Repeat the listing below word for word, minus the pictures.

------ Records ------

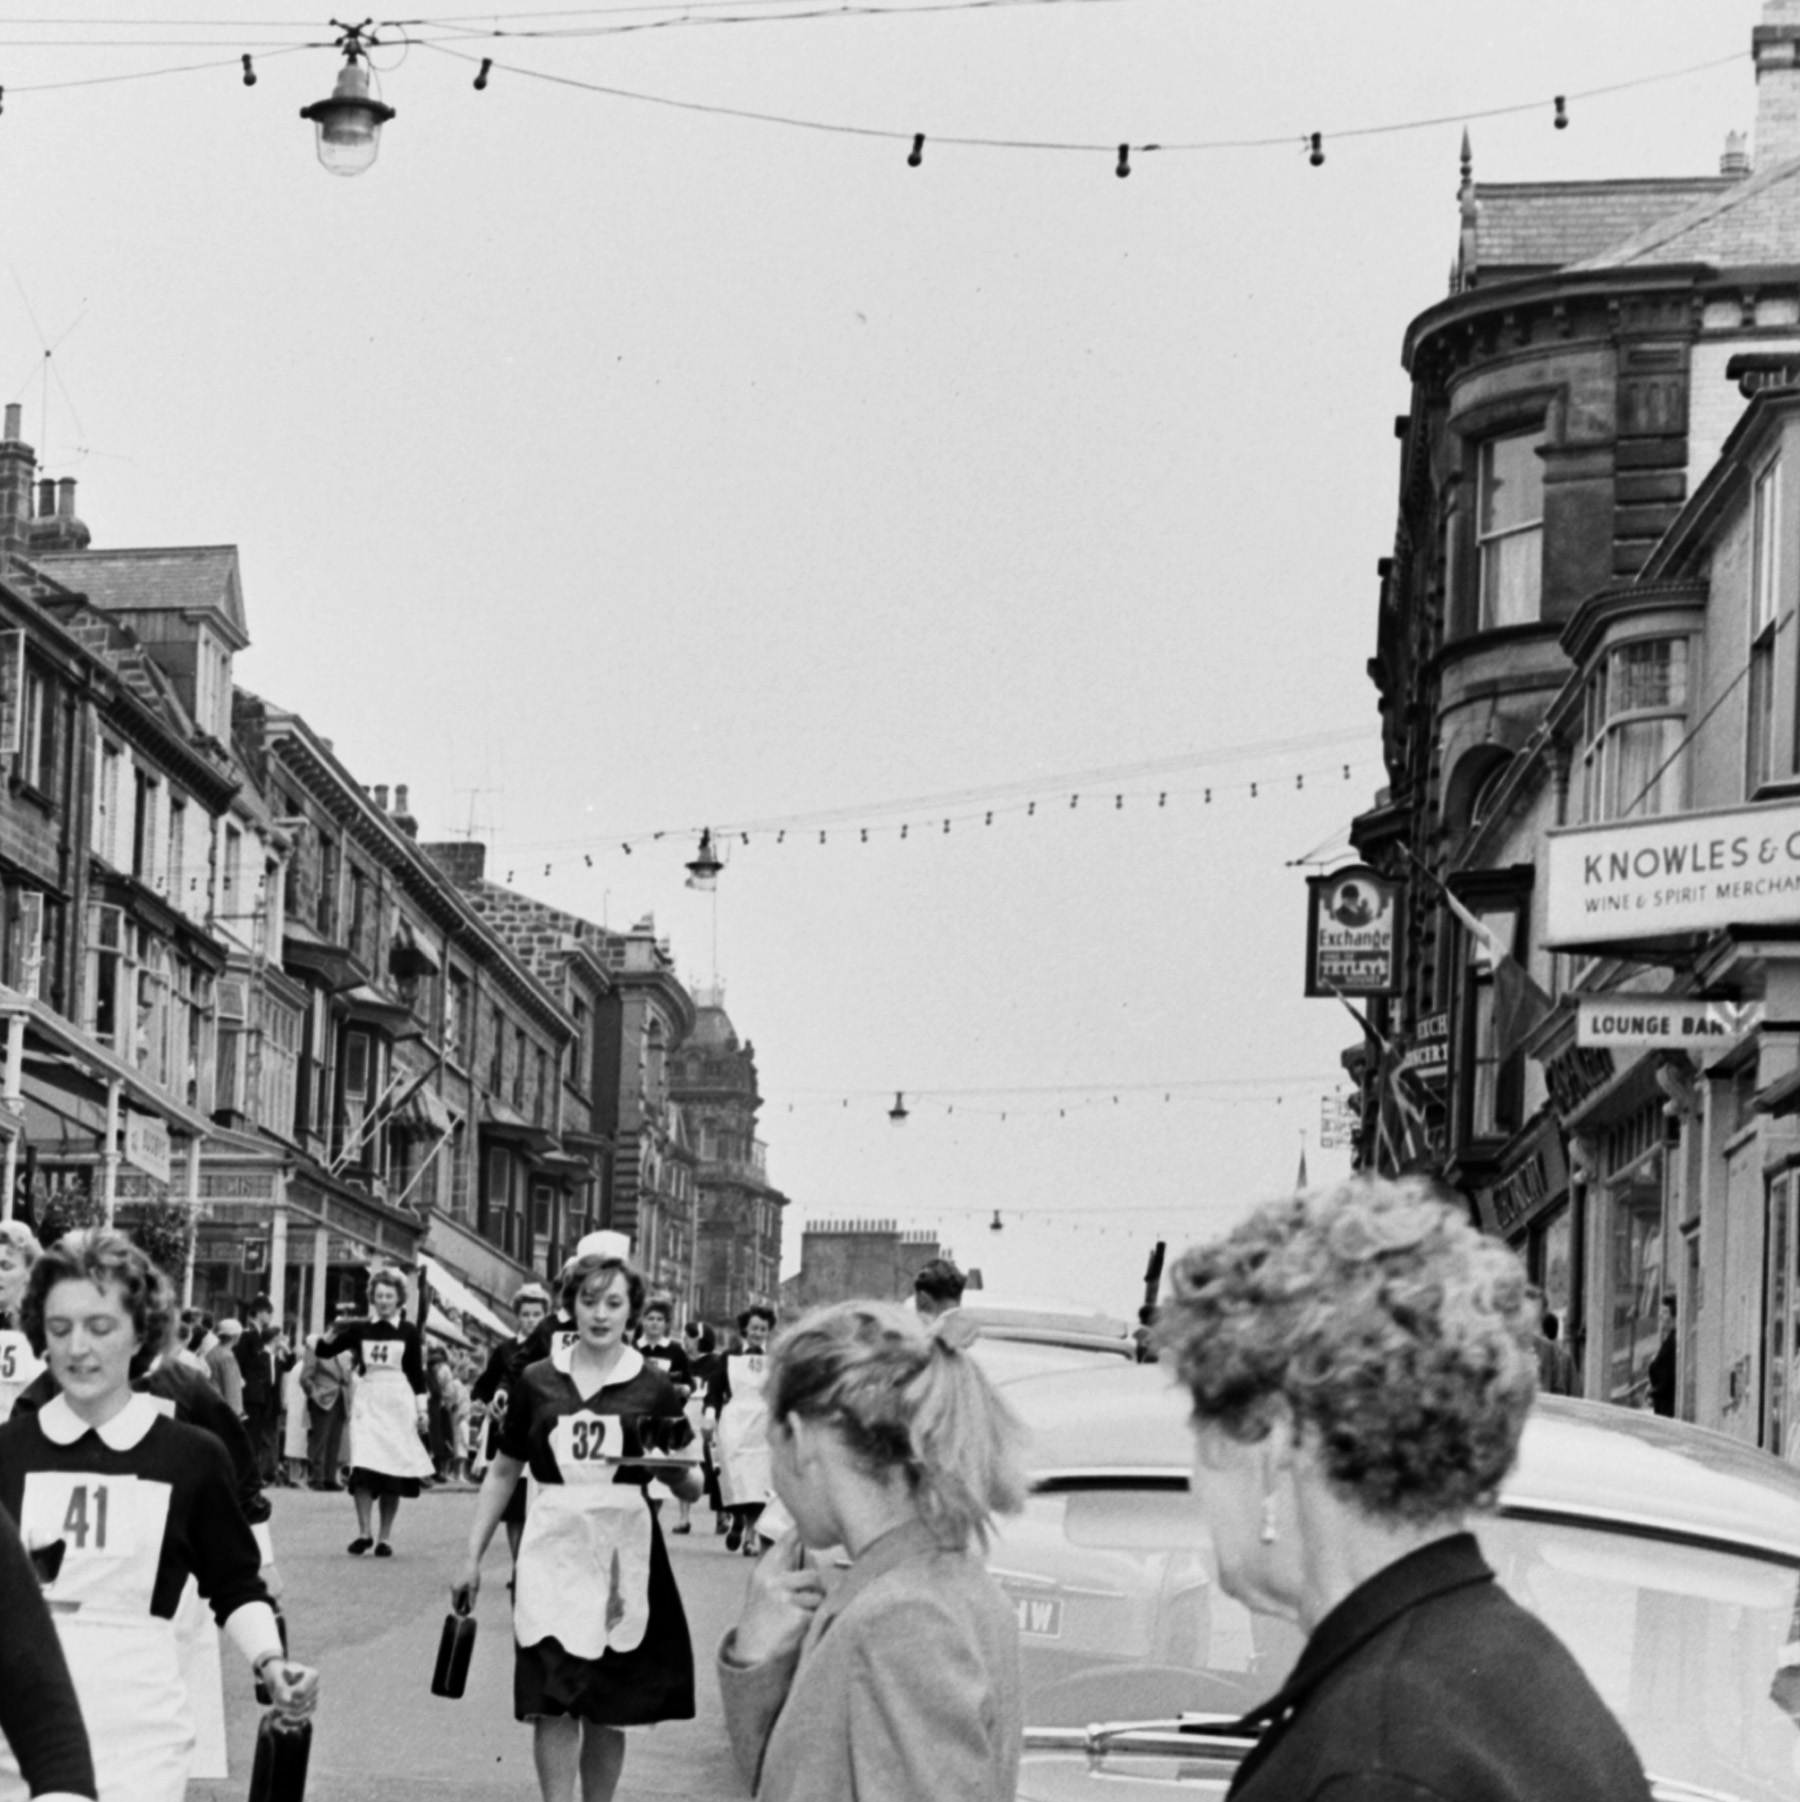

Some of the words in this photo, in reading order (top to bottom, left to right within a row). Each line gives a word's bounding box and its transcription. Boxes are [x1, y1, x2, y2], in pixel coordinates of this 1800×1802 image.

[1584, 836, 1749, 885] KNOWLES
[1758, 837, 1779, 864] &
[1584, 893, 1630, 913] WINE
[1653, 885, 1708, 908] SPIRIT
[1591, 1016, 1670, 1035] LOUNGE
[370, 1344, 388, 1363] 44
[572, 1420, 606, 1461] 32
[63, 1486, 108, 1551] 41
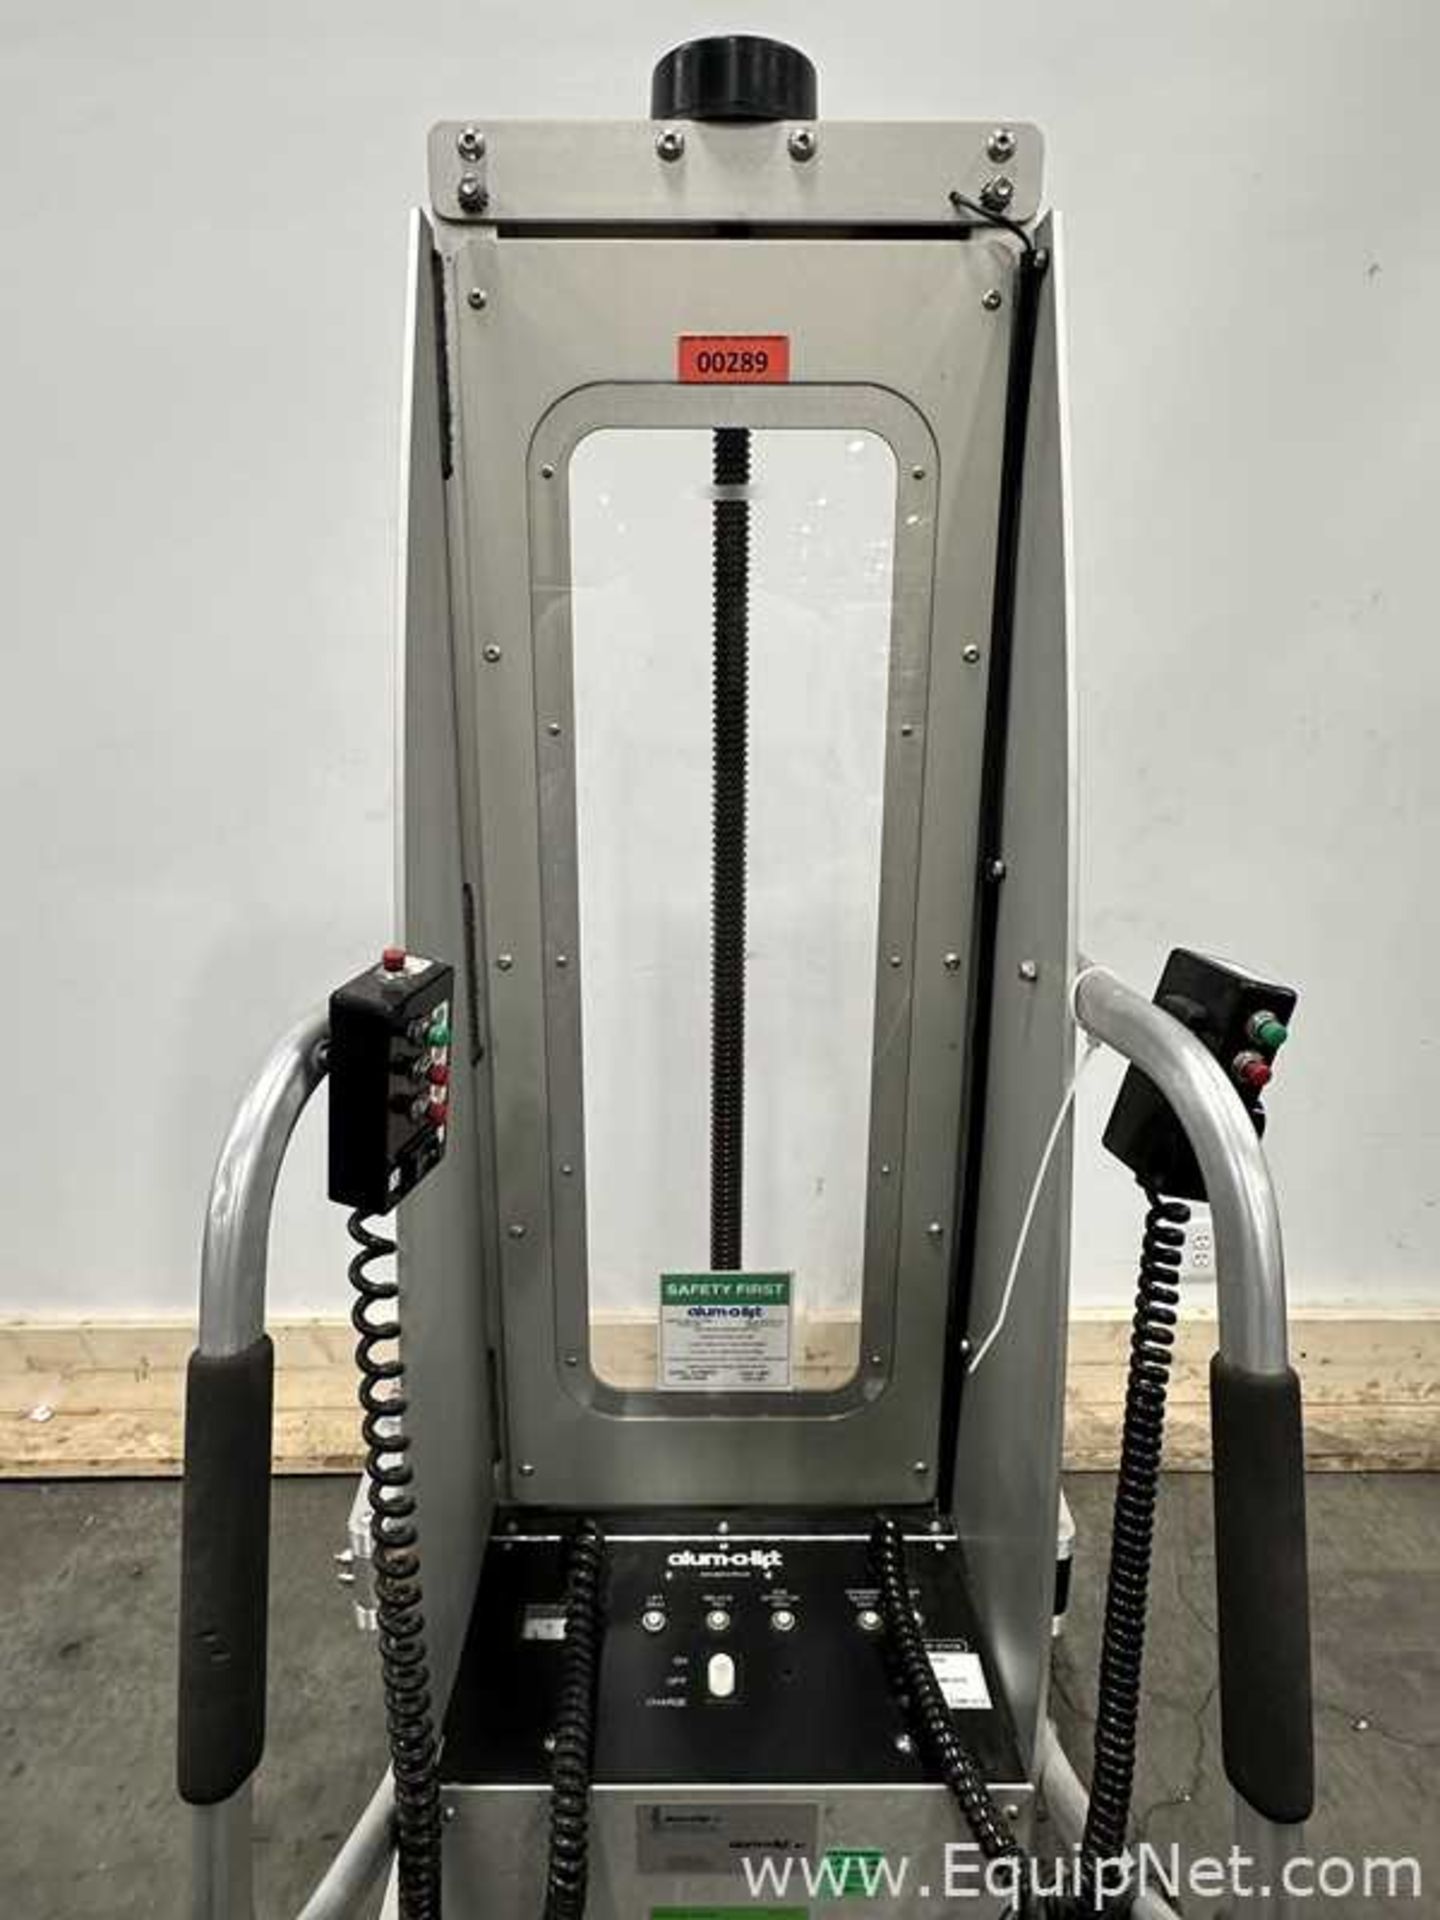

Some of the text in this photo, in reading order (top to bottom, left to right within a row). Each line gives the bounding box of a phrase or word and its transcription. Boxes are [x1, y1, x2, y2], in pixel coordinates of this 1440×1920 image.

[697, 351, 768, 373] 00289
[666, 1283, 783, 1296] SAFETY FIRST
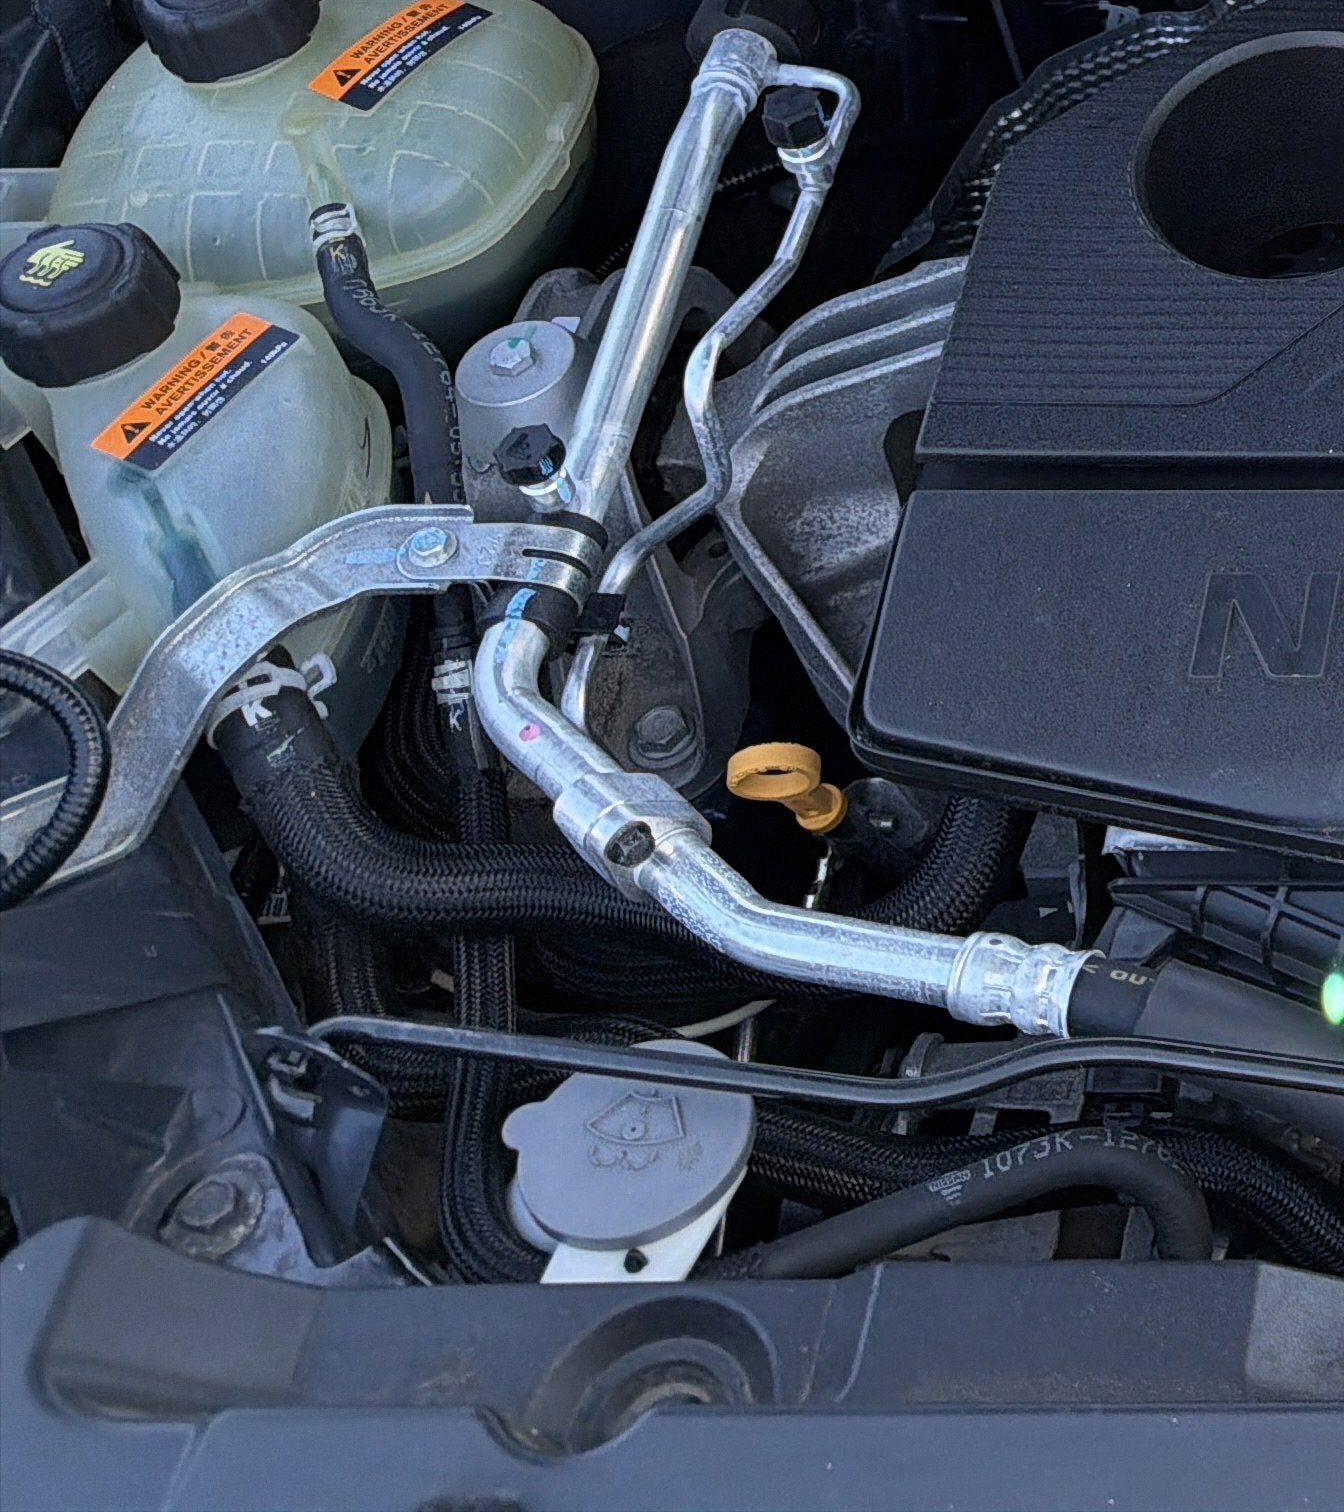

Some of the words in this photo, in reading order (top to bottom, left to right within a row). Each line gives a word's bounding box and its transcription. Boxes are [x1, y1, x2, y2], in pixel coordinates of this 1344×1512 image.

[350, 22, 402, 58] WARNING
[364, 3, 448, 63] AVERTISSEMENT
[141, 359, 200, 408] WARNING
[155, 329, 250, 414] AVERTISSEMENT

------

[Exercise solution]:
Some of the words in this photo, in reading order (top to bottom, left to right within a row). Each line gives a word's bounding box and its transcription. Boxes are [x1, y1, x2, y2], in pixel coordinates of this 1800×1802 image.

[1584, 836, 1749, 885] KNOWLES
[1758, 837, 1779, 864] &
[1584, 893, 1630, 913] WINE
[1653, 885, 1708, 908] SPIRIT
[1591, 1016, 1670, 1035] LOUNGE
[370, 1344, 388, 1363] 44
[572, 1420, 606, 1461] 32
[63, 1486, 108, 1551] 41

Some of the text in this photo, in reading order (top to bottom, left to right within a row). Each line gives the bounding box of a phrase or word and its transcription. Boxes are [x1, y1, x2, y2], in pixel coordinates of this 1440×1920 image.

[697, 351, 768, 373] 00289
[666, 1283, 783, 1296] SAFETY FIRST

Some of the words in this photo, in reading order (top to bottom, left to right within a row). Each line gives a word's bounding box and its transcription. Boxes are [x1, y1, x2, y2], in pixel coordinates of this 1344×1512 image.

[350, 22, 402, 58] WARNING
[364, 3, 448, 63] AVERTISSEMENT
[141, 359, 200, 408] WARNING
[155, 329, 250, 414] AVERTISSEMENT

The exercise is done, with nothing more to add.